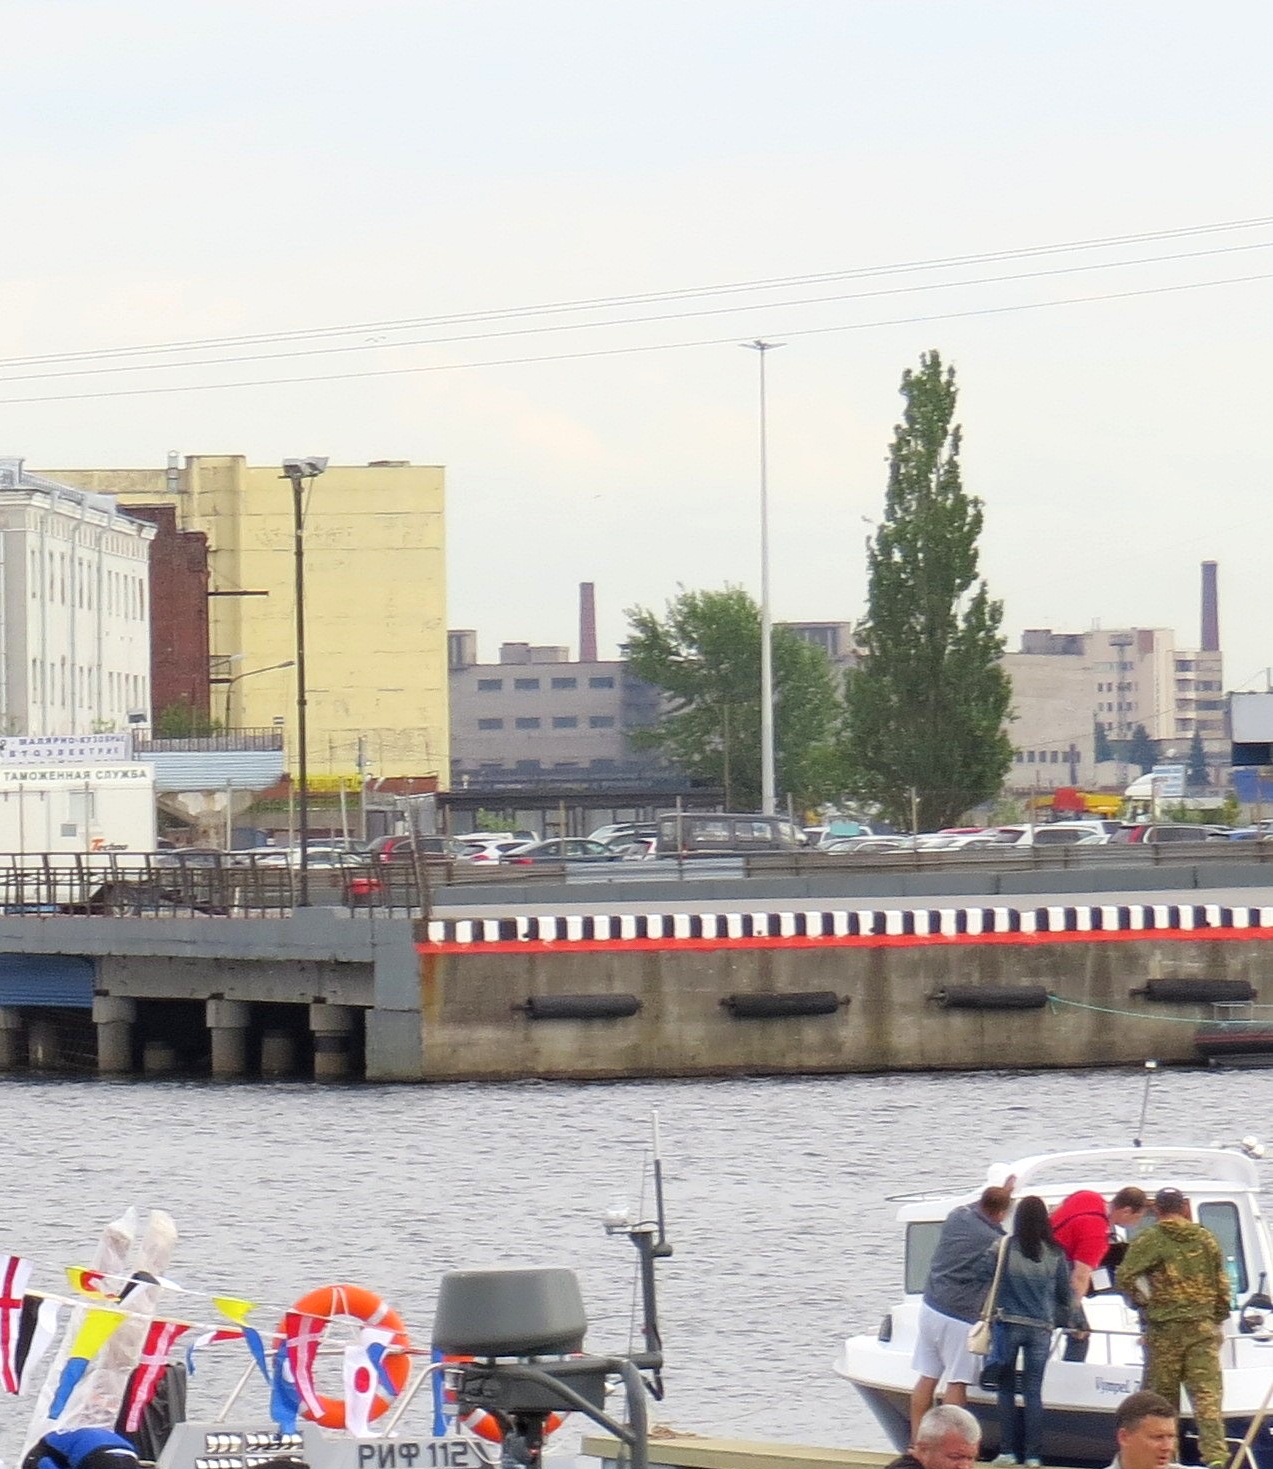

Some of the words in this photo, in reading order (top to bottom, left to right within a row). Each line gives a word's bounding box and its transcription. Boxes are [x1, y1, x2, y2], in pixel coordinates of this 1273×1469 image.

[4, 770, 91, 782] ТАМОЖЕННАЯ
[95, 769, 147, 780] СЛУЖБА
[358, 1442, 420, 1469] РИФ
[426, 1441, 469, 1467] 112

• **Activity**: Write the material out again exactly. Skip each picture.

• **Solution to this problem**:
Some of the words in this photo, in reading order (top to bottom, left to right within a row). Each line gives a word's bounding box and its transcription. Boxes are [x1, y1, x2, y2], in pixel coordinates of this 1273×1469 image.

[4, 770, 91, 782] ТАМОЖЕННАЯ
[95, 769, 147, 780] СЛУЖБА
[358, 1442, 420, 1469] РИФ
[426, 1441, 469, 1467] 112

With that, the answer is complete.